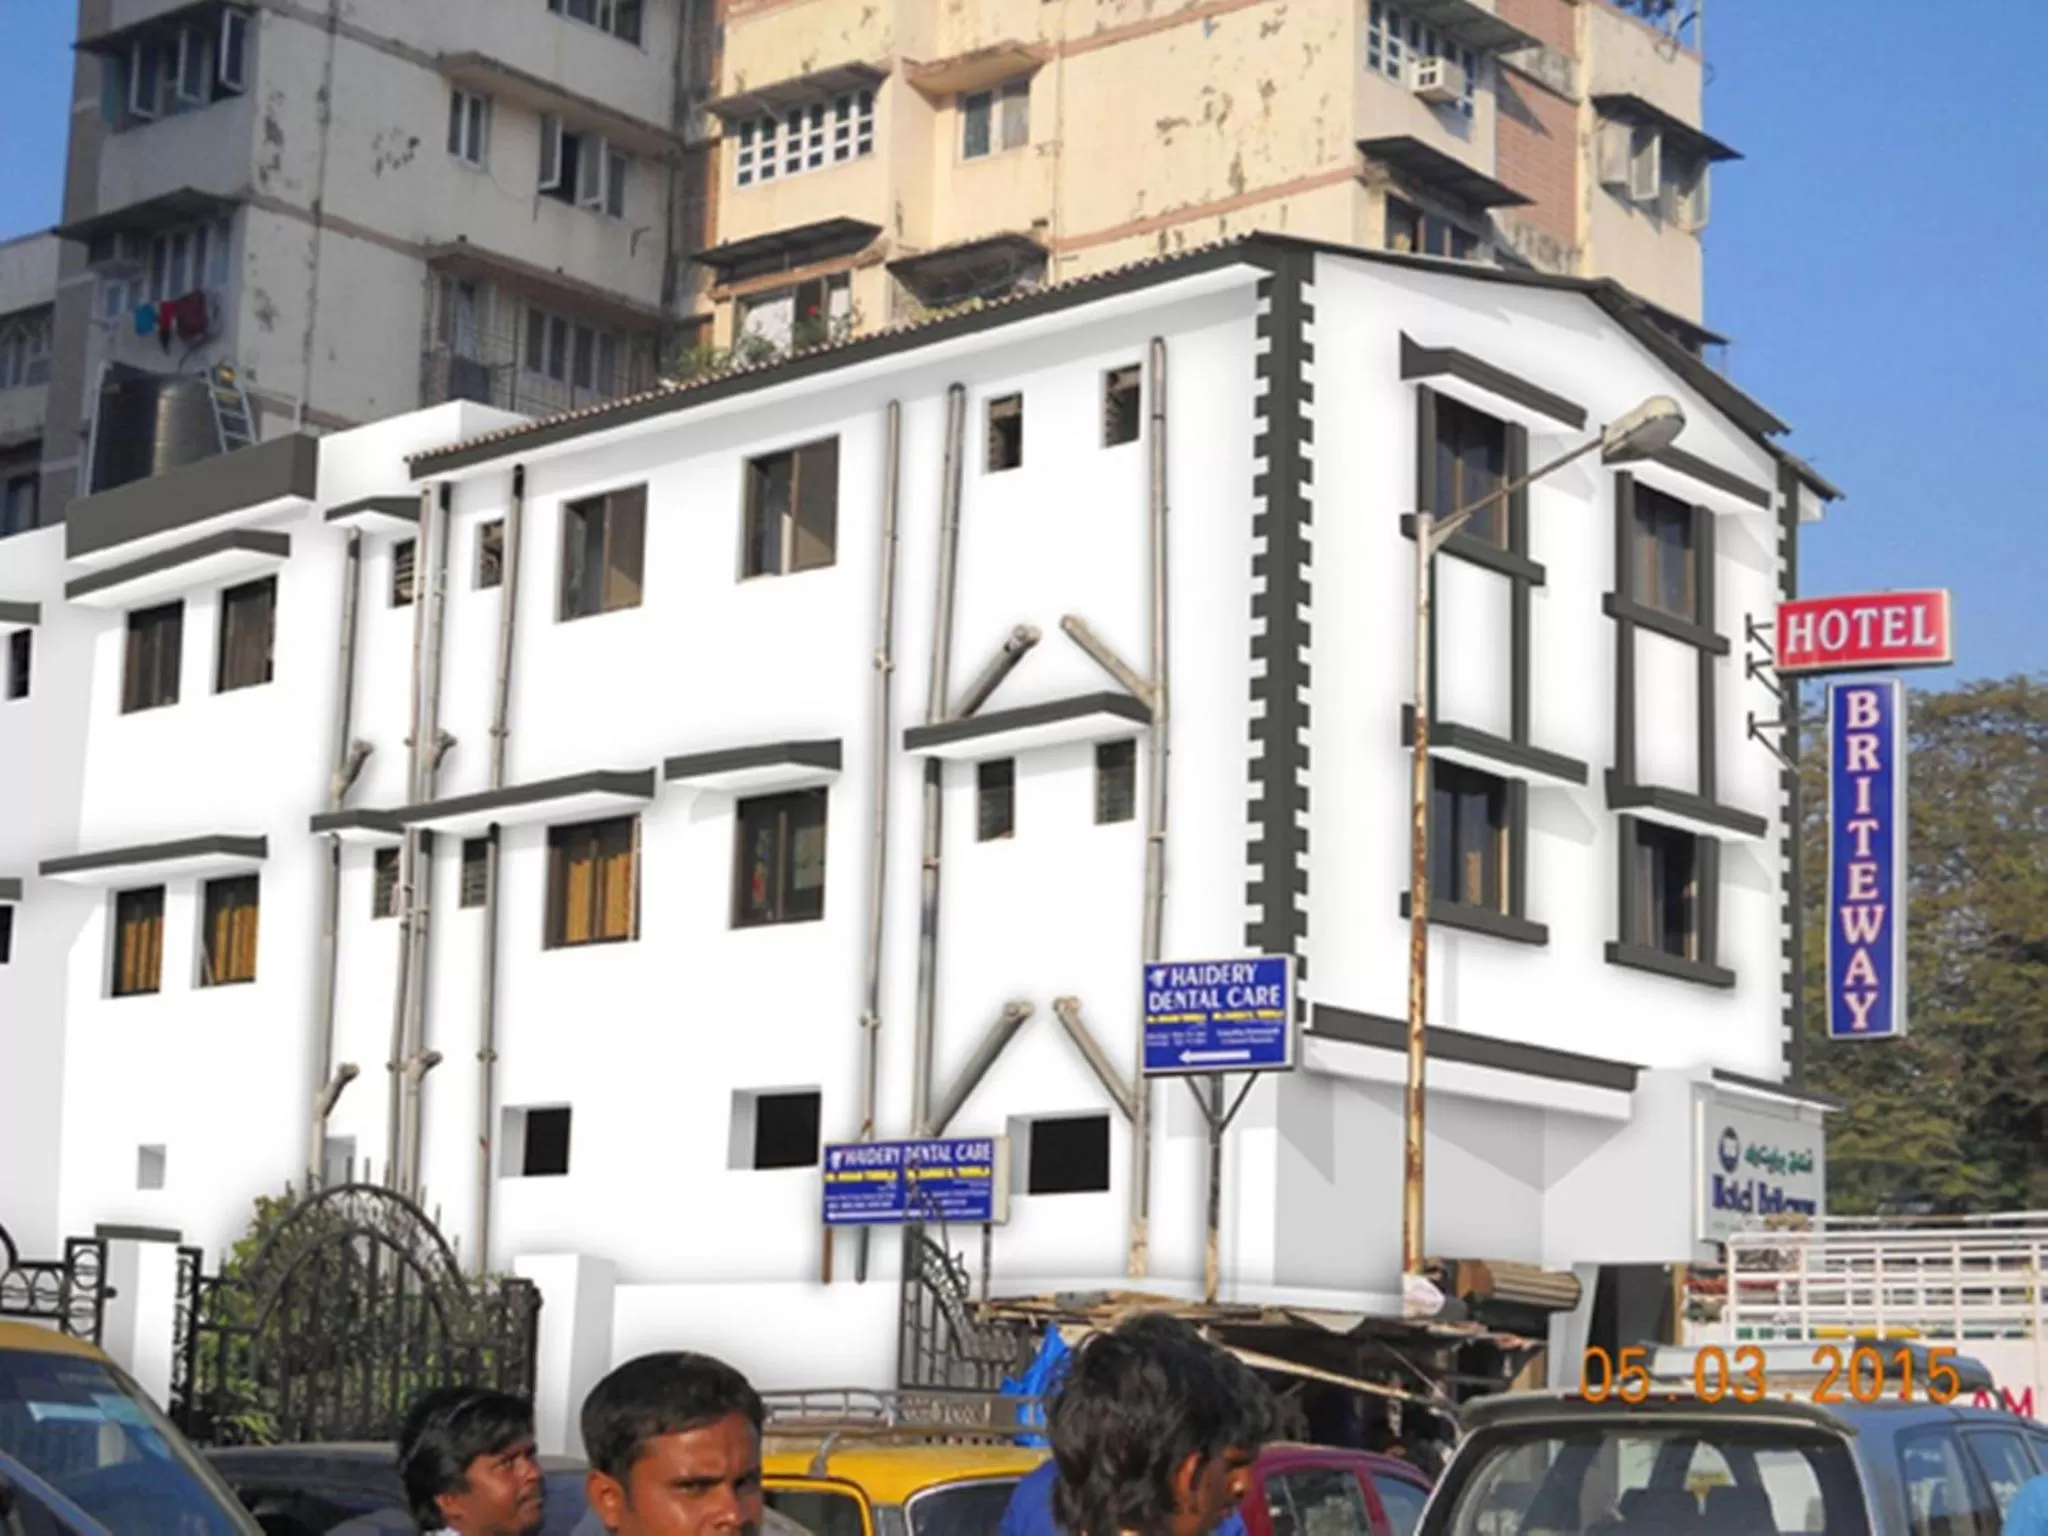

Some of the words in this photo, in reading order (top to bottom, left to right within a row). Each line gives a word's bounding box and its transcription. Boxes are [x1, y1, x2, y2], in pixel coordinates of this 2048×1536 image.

[1785, 605, 1937, 653] HOTEL
[1840, 689, 1886, 1031] BRITEWAY
[1171, 963, 1258, 987] HAIDERY
[1149, 987, 1222, 1012] DENTAL
[1226, 984, 1281, 1008] CARE
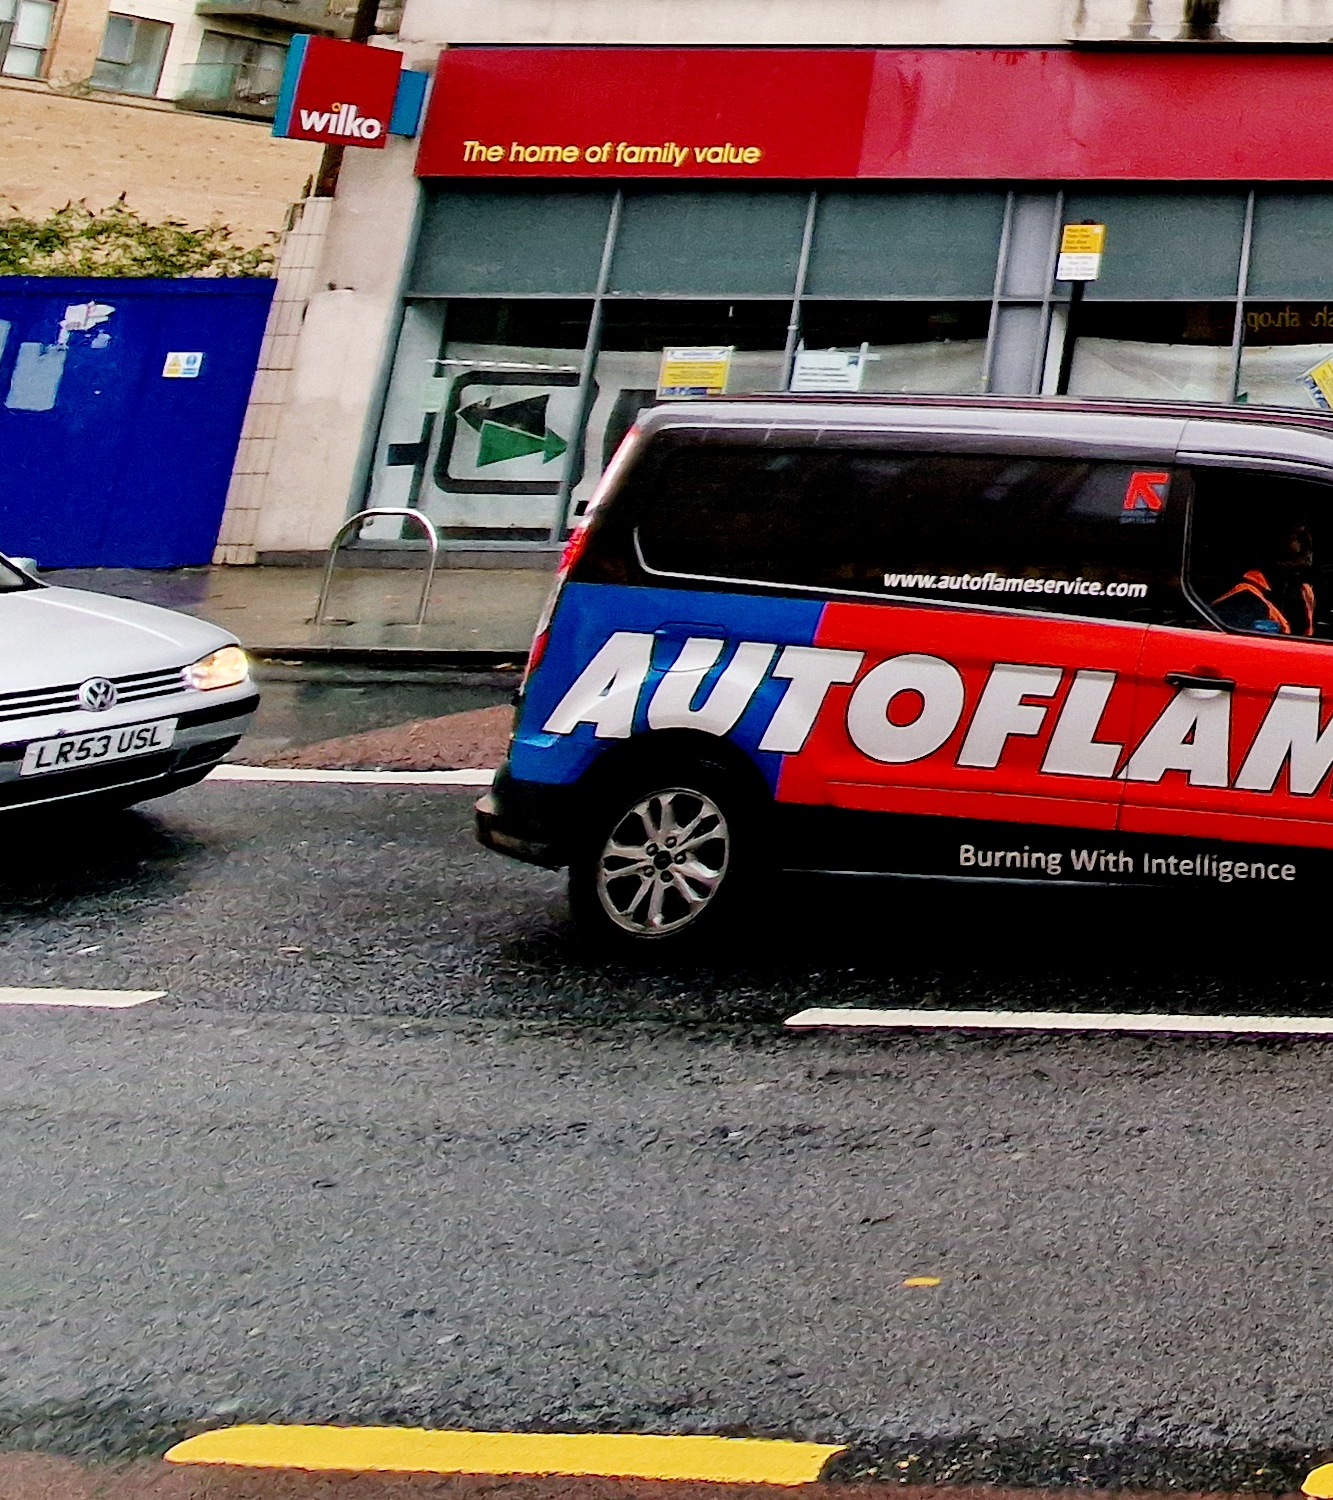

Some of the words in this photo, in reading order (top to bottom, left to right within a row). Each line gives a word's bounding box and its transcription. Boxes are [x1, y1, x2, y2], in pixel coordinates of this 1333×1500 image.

[299, 102, 382, 140] wilko
[462, 140, 505, 163] The
[509, 141, 580, 164] home
[583, 142, 612, 164] of
[614, 141, 690, 167] family
[693, 143, 762, 164] value
[883, 570, 1148, 599] www.autoflameservice.com
[35, 734, 112, 769] LR53
[117, 725, 162, 754] USL
[958, 843, 1062, 875] Burning
[1070, 847, 1134, 874] With
[1142, 851, 1297, 883] Intelligence

______

● **EXERCISE AIM**: Write out exactly those lines of the records above that lie from the one with "this 1333×1500 image." through the last line, including both.

● **EXERCISE SOLUTION**:
Some of the words in this photo, in reading order (top to bottom, left to right within a row). Each line gives a word's bounding box and its transcription. Boxes are [x1, y1, x2, y2], in pixel coordinates of this 1333×1500 image.

[299, 102, 382, 140] wilko
[462, 140, 505, 163] The
[509, 141, 580, 164] home
[583, 142, 612, 164] of
[614, 141, 690, 167] family
[693, 143, 762, 164] value
[883, 570, 1148, 599] www.autoflameservice.com
[35, 734, 112, 769] LR53
[117, 725, 162, 754] USL
[958, 843, 1062, 875] Burning
[1070, 847, 1134, 874] With
[1142, 851, 1297, 883] Intelligence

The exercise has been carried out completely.